Hopefully next time a comp comes around Ill have this problem fixed and Ill be cheating by asking nev and rob (both Gold winners) if I can use one of their recipes to ensure I have something that is to style and wont inflict pain on any judges!

Thanks to all the judges and kook. That was a fun and worthwhile exercise.

:icon_cheers: 
Pat


----------



## ikern (18/9/08)

PistolPatch said:


> Ive been battling with a weird taste for ages that goes away after about 4 weeks. This has been driving me nuts so I sent in 3 beers I had just brewed that most exhibited this weird taste and I think WA judge No2 might have given me the answer. Whoever you are, thank you. I thought I had returned everything back to the way I used to brew but didnt even think of the thing you mentioned. Hanging to try this on my next brew.



And the possible problem identified was.....??


----------



## PistolPatch (18/9/08)

soznewb said:


> And the possible problem identified was.....??



Acetaldehyde. The comment from Judge 2 said, "My concern is part of the fruit character is acetaldehyde - check yeast health/oxygenation/drop fermentation temperature and don't remove yeast too soon."

I am hoping the answer lies in aeration. I used to re-use my yeast many times and never had this problem. Then I went through a lazy period - 60 minute mash, 60 minute boil, a sachet of yeast and bugger-all aeration of wort and yeast. At around the same time, grain and the main yeast I use had changed a little as well. Too many changes and poor record-keeping at the time made the faulty change in my brewing techniques hard to identify.

The judges comments above, jolted me to remember how well I used to aerate my yeast and wort. So, on the next brew, I'll return to my original practices in this area. I'll be wrapped if this fixes it - I hate that flavour! It's a strange flavour too. A lot of people can't taste it in my beer and occassionally I won't taste it at all until my second or third glass and then it suddenly becomes apparent and over-whelming to me. Weird!

Spot ya,
Pat


----------



## kram (18/9/08)

PistolPatch said:


> Acetaldehyde. The comment from Judge 2 said, "My concern is part of the fruit character is acetaldehyde - check yeast health/oxygenation/drop fermentation temperature and don't remove yeast too soon."


This is the comment i'm hoping for one, maybe two of my entries in the QABC. One has this character upfront the other is more hidden by the malts.


----------



## drtomc (18/9/08)

~MikE said:


> does anyone actually KNOW of any botulism cases from no-chilling?



I can only recall to my mind a single botulism *death* in the last couple of years - take-away nachos. A relative was the microbiologist on the case. Don't know about non-fatal cases though.

The only conclusion I draw from that is that the following observation about Melbourne restaurants is true: Melbourne has no bad Thai restaurants, and no good Mexican ones. ;-)

T.


----------



## buttersd70 (18/9/08)

I;ve fot to say, guys, as a "fence sitter" in the whole chill/no chill bitching that happens on this site, I'm finding this thread particularly interesting.  
My experience with no chill is good; but I've had lingering doubts, as everything I've done to date has been drunk young (part as per style, part as per need), and have thought that no chill was "for the time being" in my case. But these kind of results are pushing me towards permanancy....

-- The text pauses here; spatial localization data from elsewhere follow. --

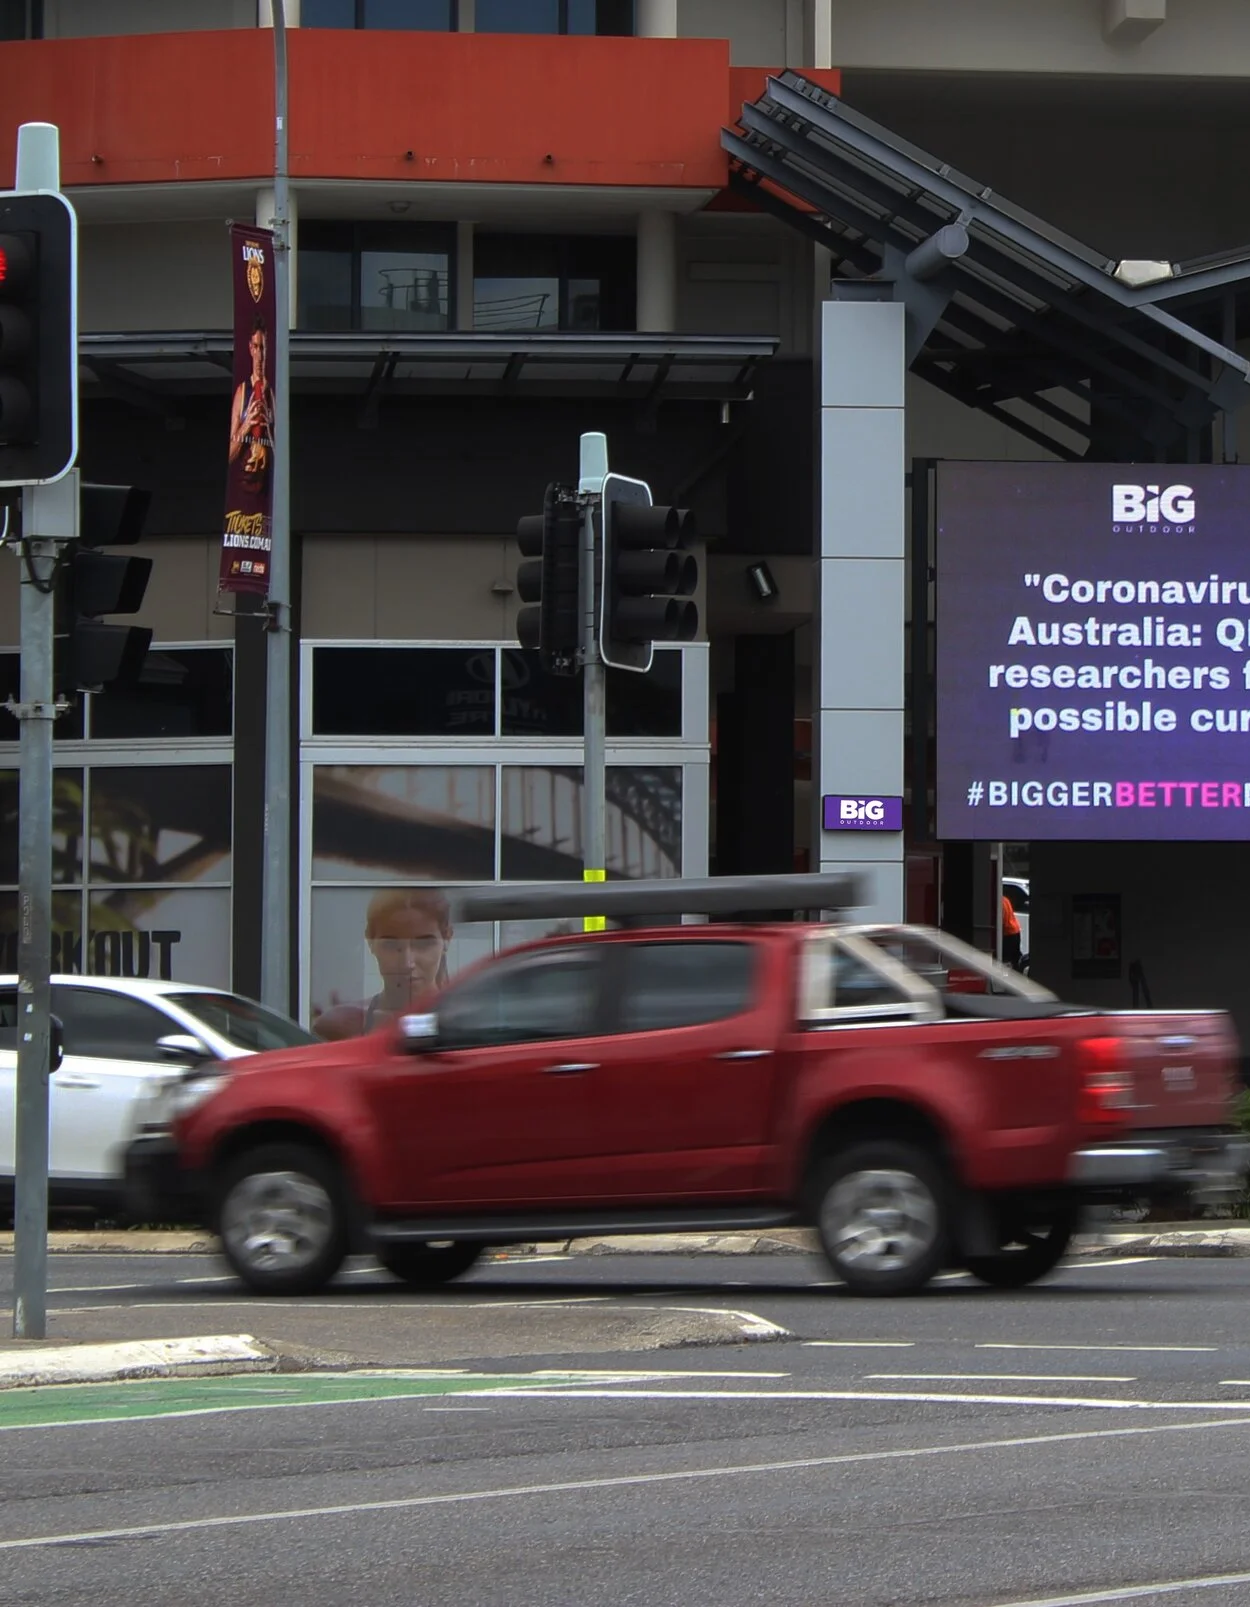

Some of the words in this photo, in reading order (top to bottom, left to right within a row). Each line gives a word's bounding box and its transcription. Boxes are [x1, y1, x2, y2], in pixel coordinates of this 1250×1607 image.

[242, 246, 265, 264] LIONS
[225, 510, 263, 535] TICKETS
[1112, 525, 1195, 533] OUTDOOR
[1007, 616, 1203, 647] Australia:
[989, 658, 1231, 689] researchers
[1009, 701, 1178, 738] possible

Congrats to all the place getters.


----------



## sinkas (18/9/08)

Acetaldehyde, is generally due to over pitching and or over aearation, or too high initial pitch temp, casuing a fast and flawed fermentation.


----------



## Stuster (18/9/08)

sinkas said:


> Acetaldehyde, is generally due to over pitching and or over aearation, or too high initial pitch temp, casuing a fast and flawed fermentation.

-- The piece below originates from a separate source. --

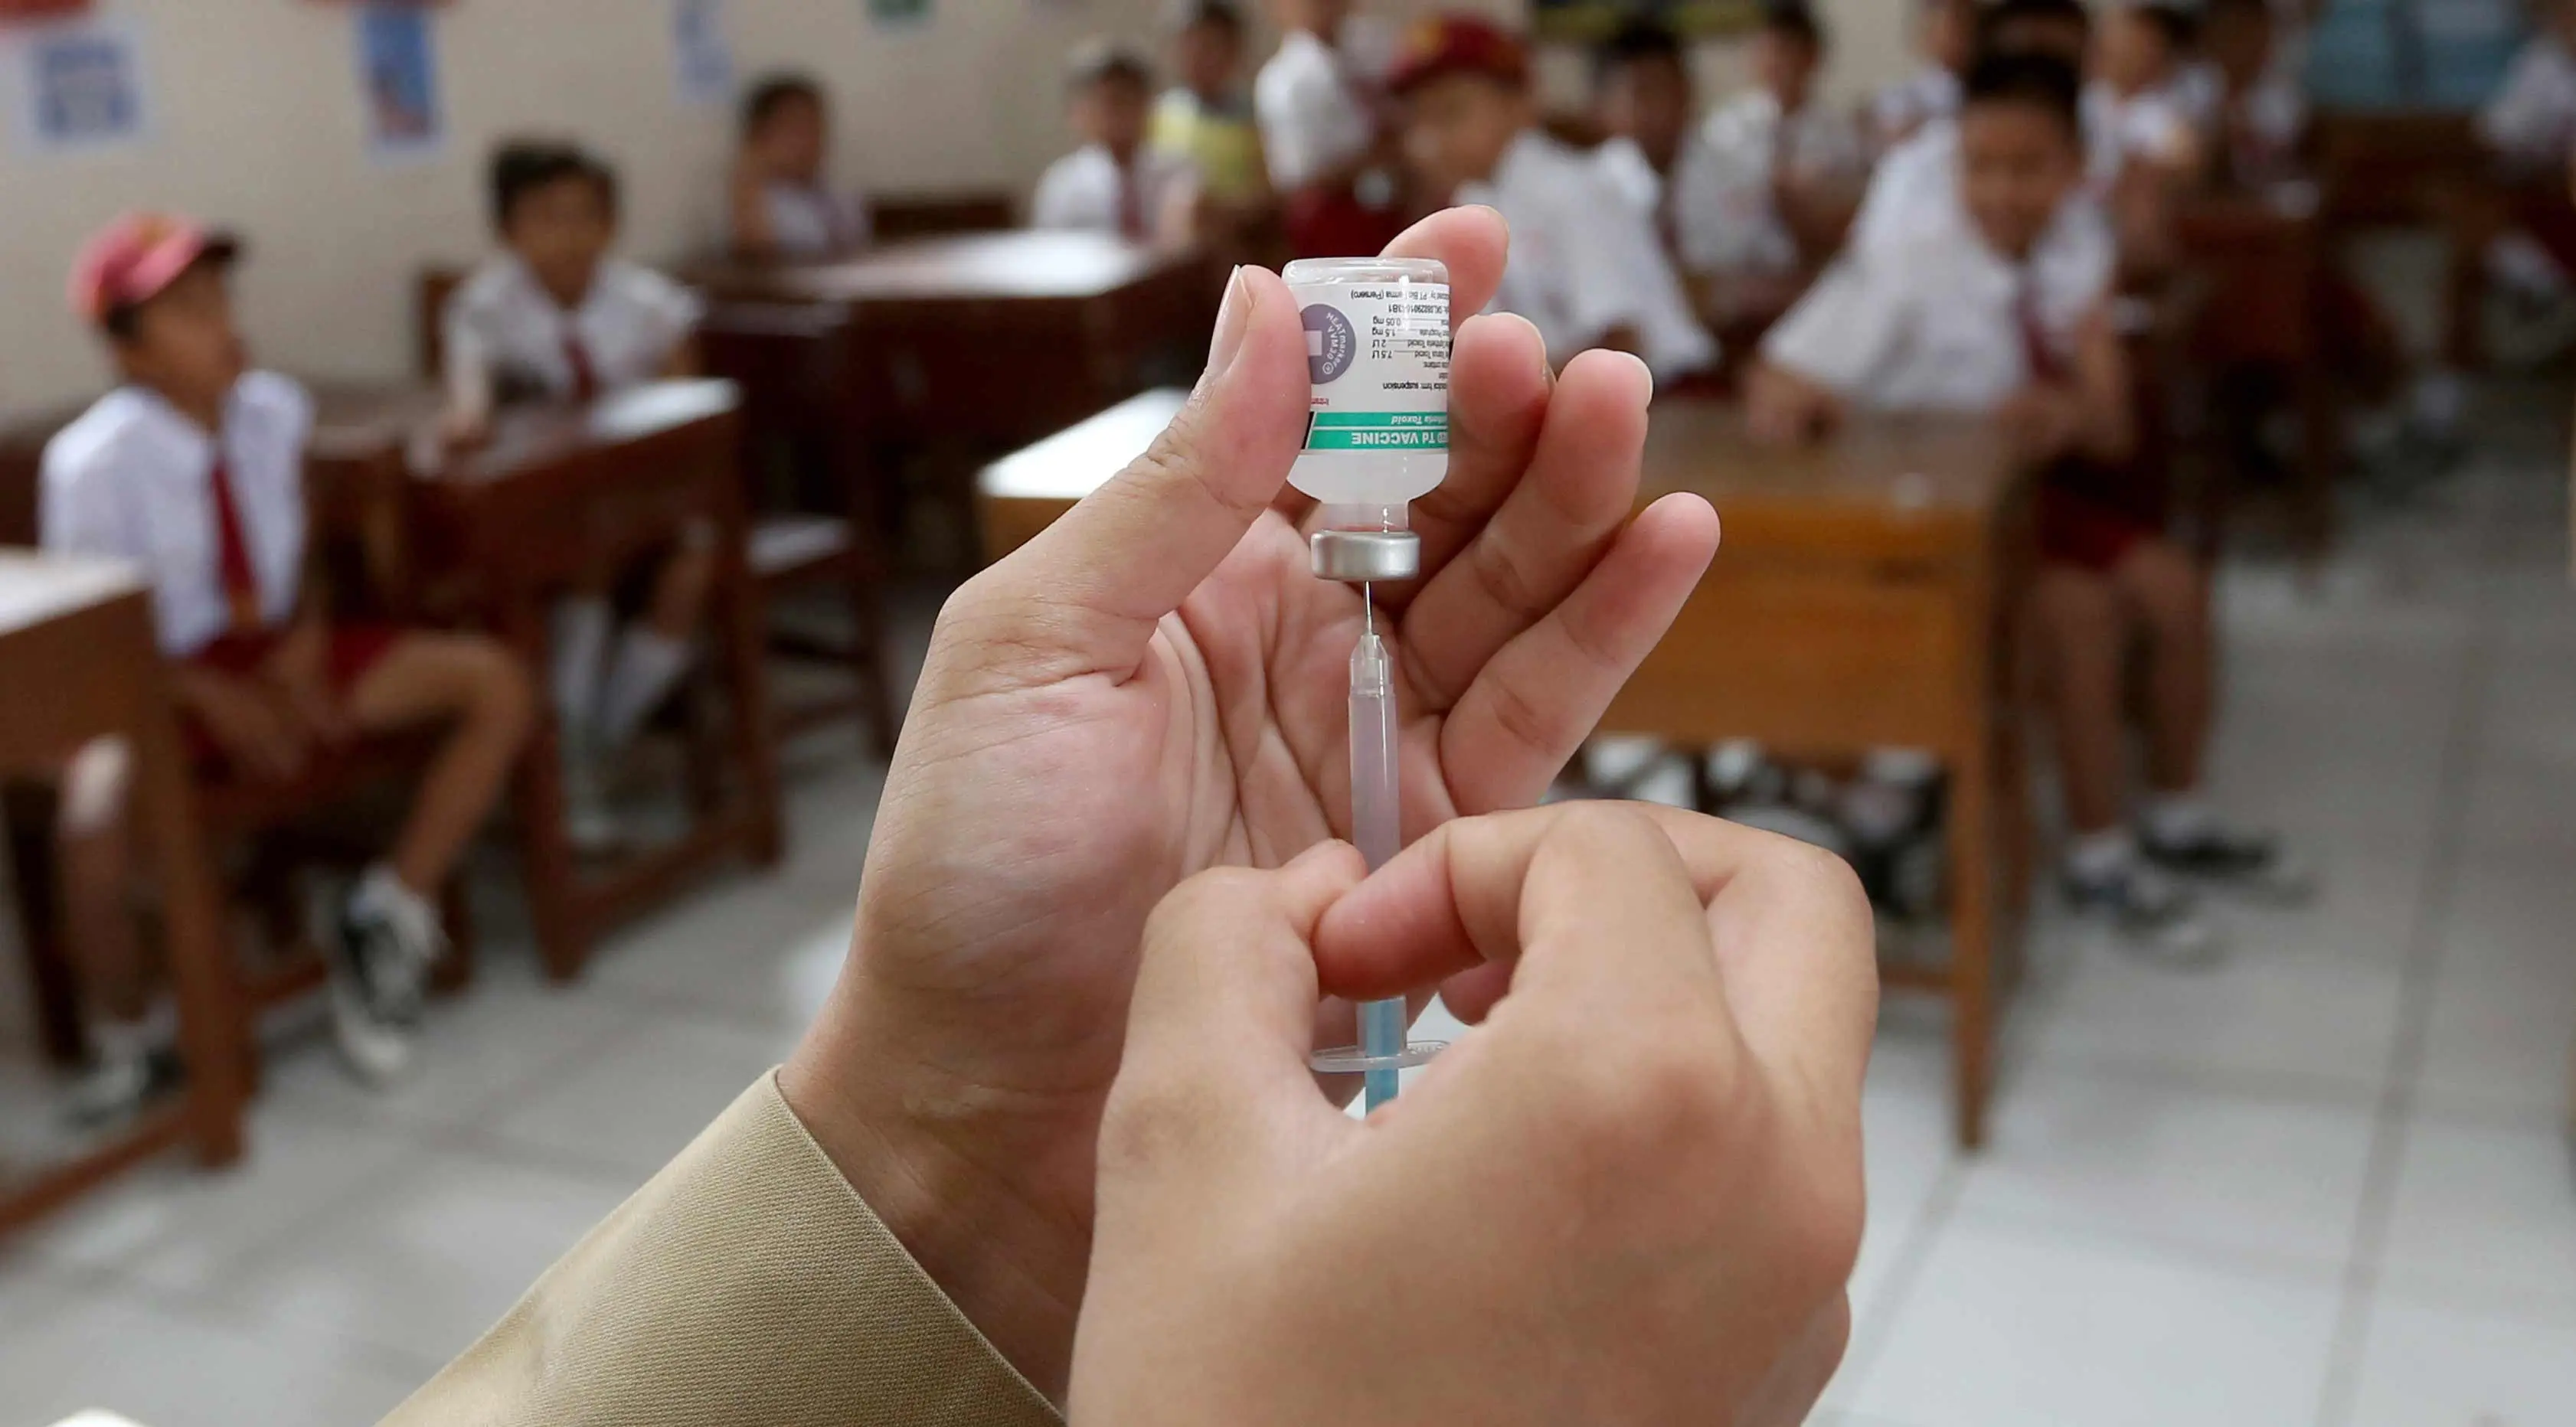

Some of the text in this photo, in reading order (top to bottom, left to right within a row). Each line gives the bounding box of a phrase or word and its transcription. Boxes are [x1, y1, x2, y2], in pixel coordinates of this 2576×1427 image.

I've never really heard those reasons given for acetaldehyde. Not saying you're wrong but that's sort of the opposite to what I've seen. I've always found this a good quick reference point. AFAIK, acetaldehyde is an intermediate compound which is reduced by the yeast to alcohol. So if the yeast are not healthy and/or there are not enough of them in the first place, they are not able to complete this task completely. Alternatively, early racking does pretty much the same thing.

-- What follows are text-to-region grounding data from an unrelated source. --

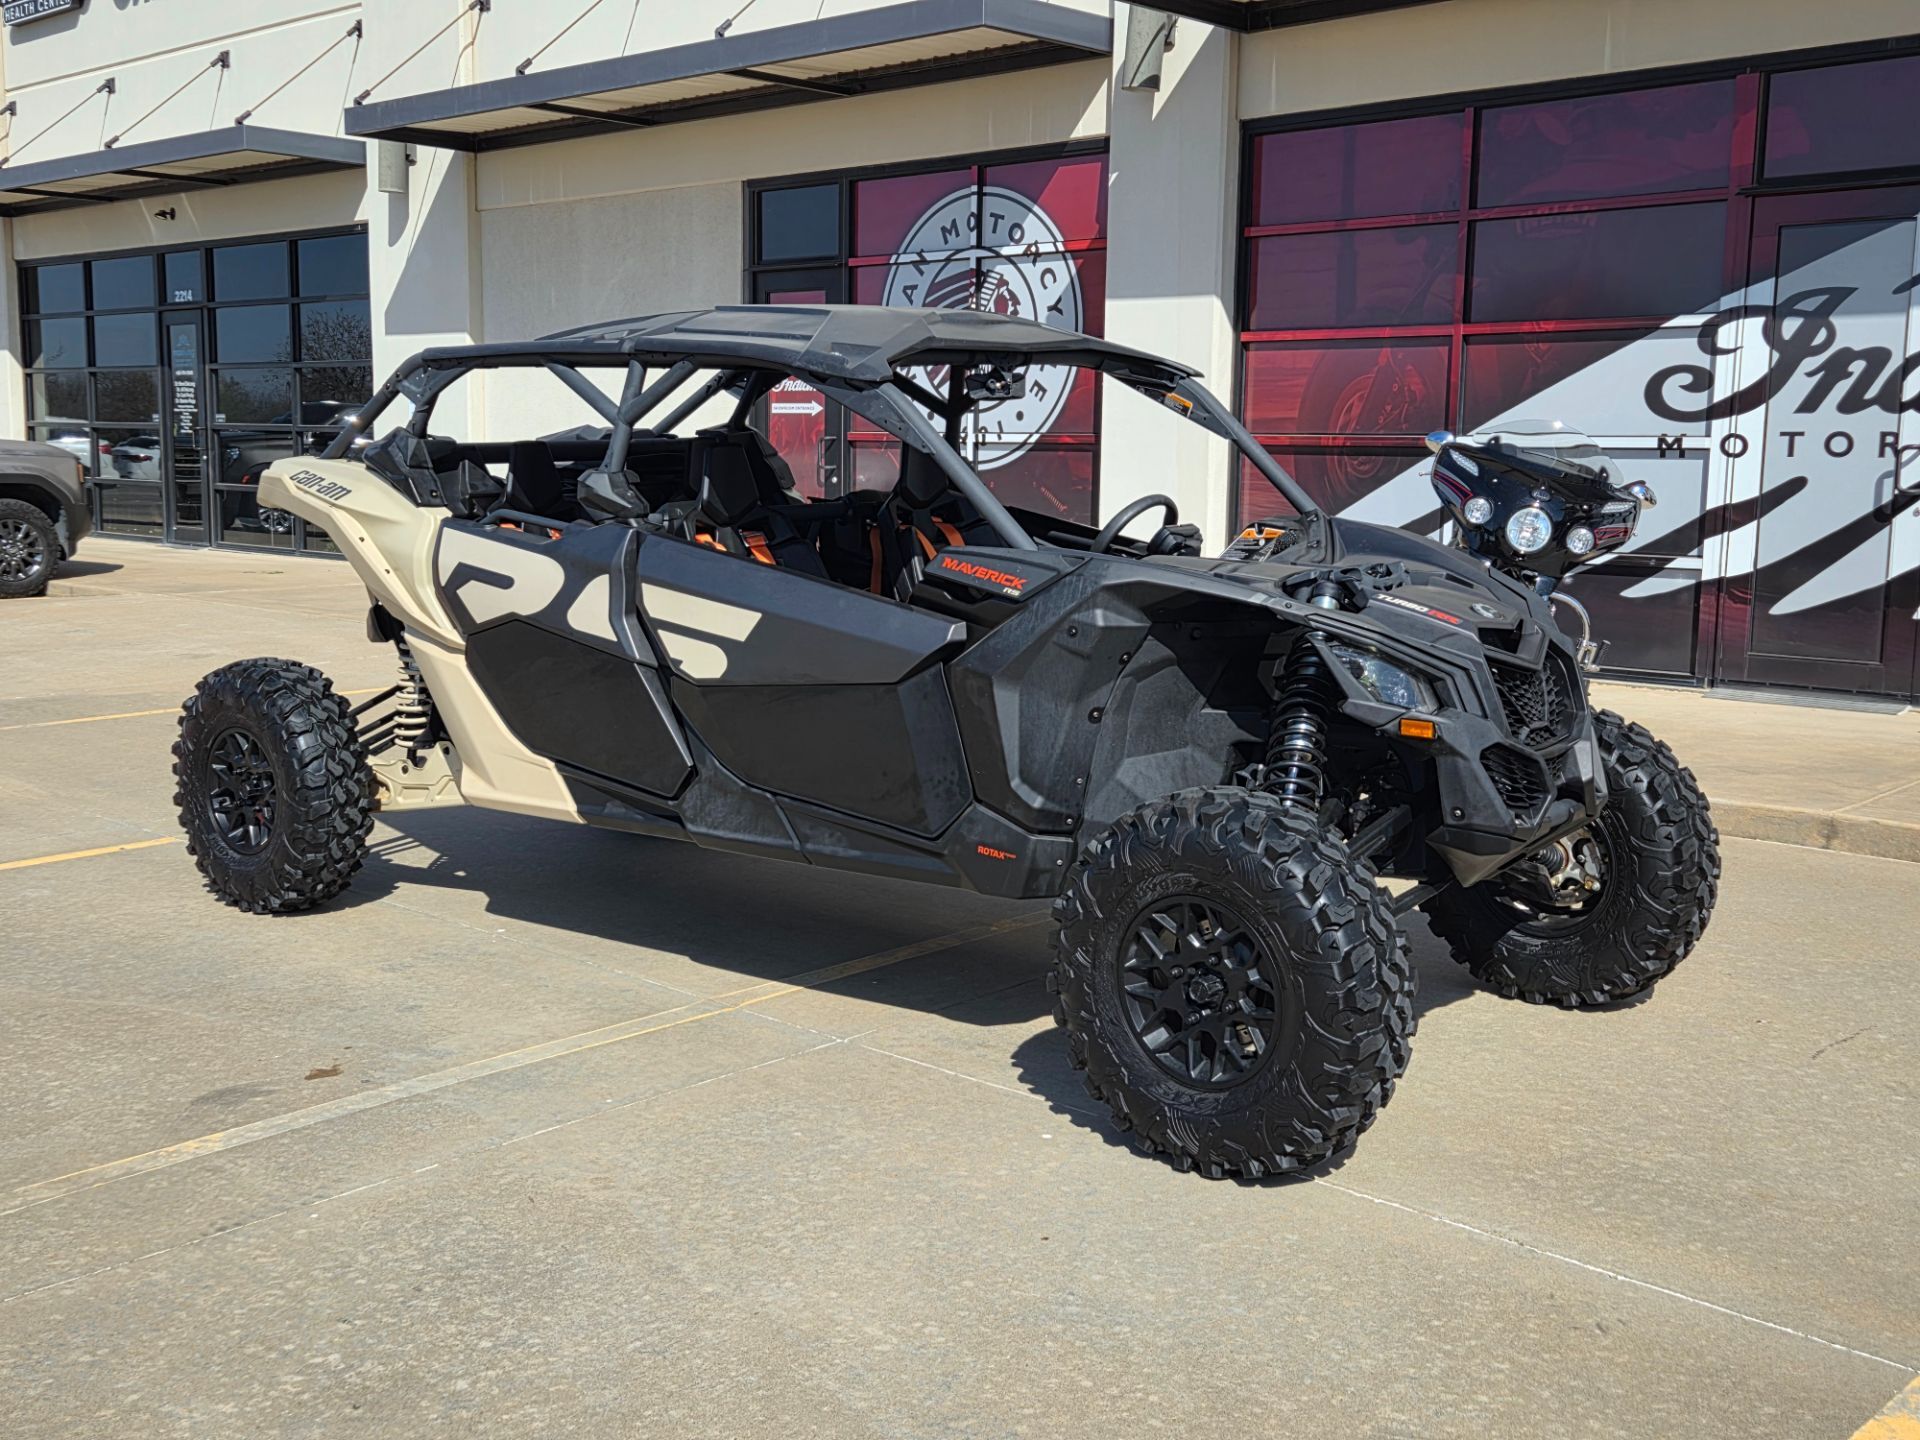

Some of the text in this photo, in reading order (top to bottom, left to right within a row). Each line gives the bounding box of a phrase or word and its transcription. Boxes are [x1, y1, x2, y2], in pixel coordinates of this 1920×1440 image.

[5, 1, 35, 21] HEALTH
[174, 290, 193, 302] 2214
[942, 556, 1027, 590] MAVERICK
[1377, 593, 1429, 613] TURBO
[977, 845, 1004, 860] ROTAX

Anyway, back on topic, I've never placed with a no-chill lager, but I've got a few places with hybrids (alts and Cal commons) and my Dortmunder scored 101.5 in the recent Bathurst comp, including a 36 from Barry Cranston so it probably wasn't a bad beer. Still needs some work though and I hope to enter a different version of it in something next year.


----------



## Thirsty Boy (18/9/08)

Stuster said:


> I've never really heard those reasons given for acetaldehyde. Not saying you're wrong but that's sort of the opposite to what I've seen. I've always found this a good quick reference point. AFAIK, acetaldehyde is an intermediate compound which is reduced by the yeast to alcohol. So if the yeast are not healthy and/or there are not enough of them in the first place, they are not able to complete this task completely. Alternatively, early racking does pretty much the same thing.
> 
> Anyway, back on topic, I've never placed with a no-chill lager, but I've got a few places with hybrids (alts and Cal commons) and my Dortmunder scored 101.5 in the recent Bathurst comp, including a 36 from Barry Cranston so it probably wasn't a bad beer. Still needs some work though and I hope to enter a different version of it in something next year.




Everyone's a little bit right - 

From Kunze Technology Brewing and Malting View attachment acetaldehyde_kunze.pdf


I have a few Chilled a few No-Chilled and even one BiaB going into the Vic comp and ANAWBS coming up... see how they go.

TB


----------



## RobB (19/9/08)

I'm probably one of the least experienced AG'ers on the forum, but in a way that has given me the advantage of having a very open mind when comparing different techniques. I don't have any emotional attachment to any particular method of brewing.

I have BIABed and batch sparged, chilled and no-chilled. I haven't entered a competition yet, but I've been happy with the results that each of these methods produces.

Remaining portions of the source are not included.